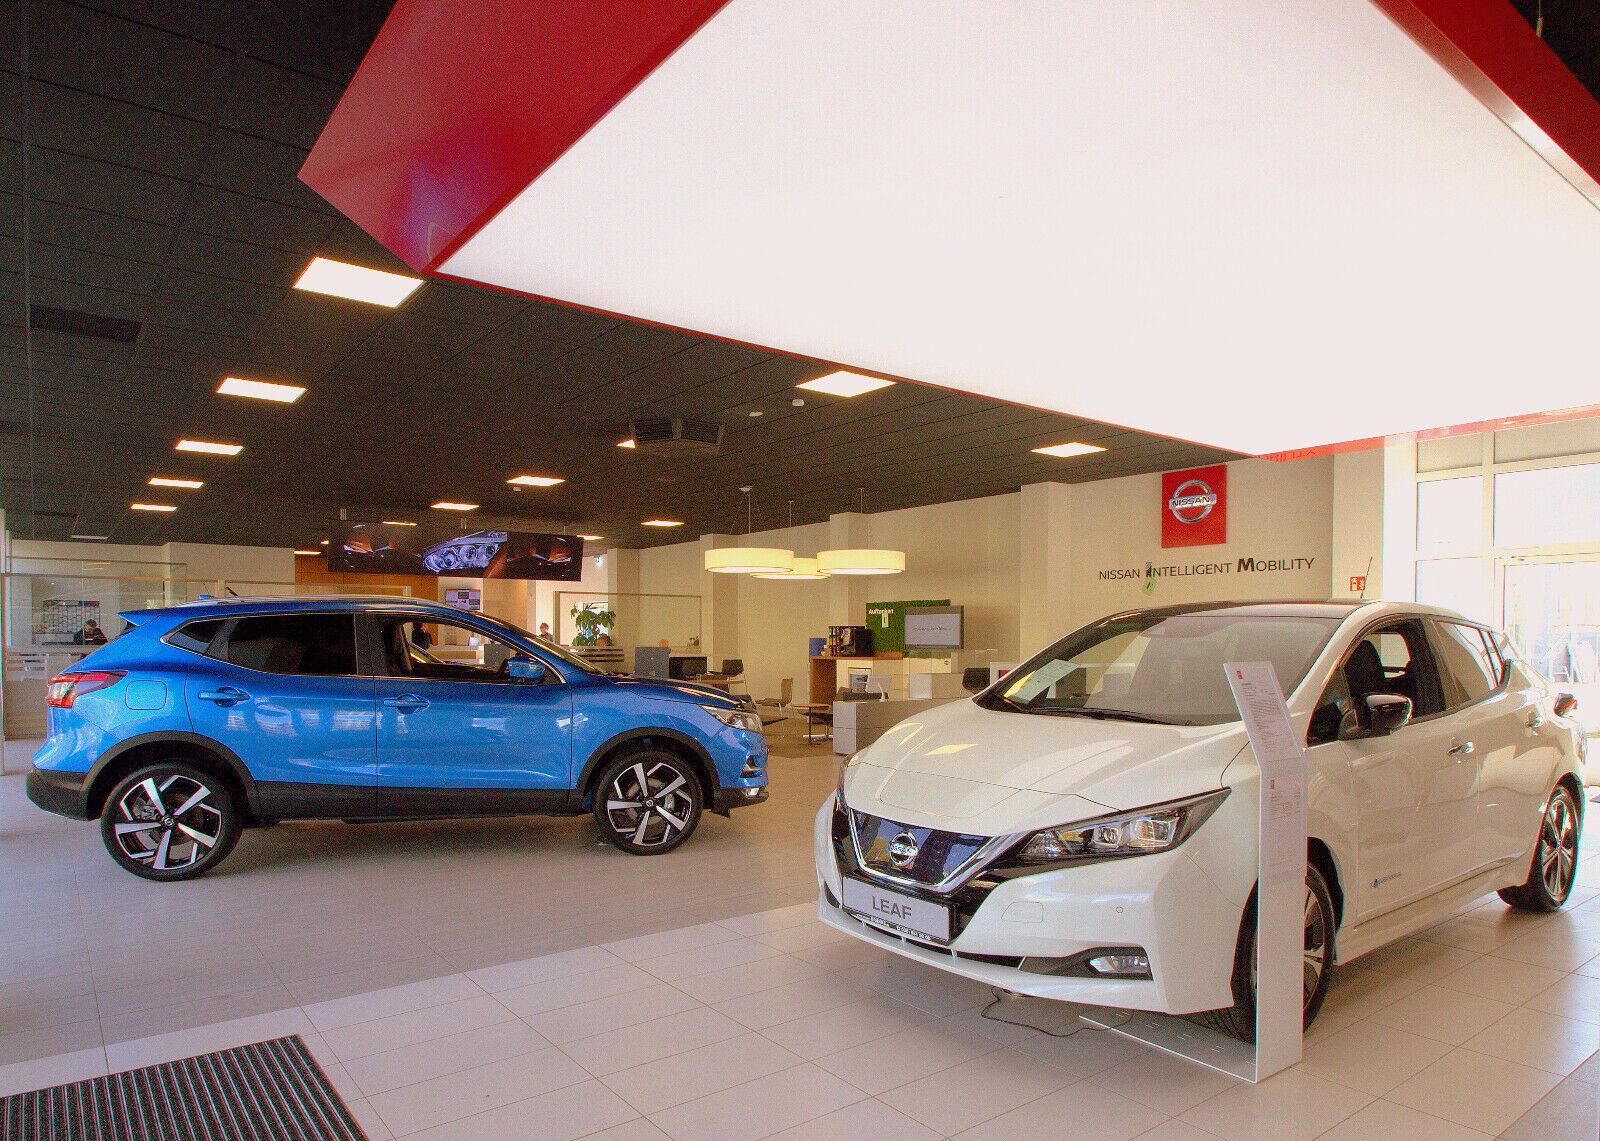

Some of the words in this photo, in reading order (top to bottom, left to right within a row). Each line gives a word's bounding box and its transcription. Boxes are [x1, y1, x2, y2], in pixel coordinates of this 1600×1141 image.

[1172, 496, 1210, 507] NISSAN
[1099, 568, 1140, 580] NISSAN
[1145, 561, 1232, 578] INTELLIGENT
[1237, 557, 1315, 573] MOBILITY
[872, 895, 912, 919] LEAF
★ ★ ★ ★ ★
INSTRUCTIONS FOR THE TASK: Write out every entry exactly. Pictures do not belong in the copy.

ANSWER TO THIS PROBLEM:
Some of the words in this photo, in reading order (top to bottom, left to right within a row). Each line gives a word's bounding box and its transcription. Boxes are [x1, y1, x2, y2], in pixel coordinates of this 1600×1141 image.

[1172, 496, 1210, 507] NISSAN
[1099, 568, 1140, 580] NISSAN
[1145, 561, 1232, 578] INTELLIGENT
[1237, 557, 1315, 573] MOBILITY
[872, 895, 912, 919] LEAF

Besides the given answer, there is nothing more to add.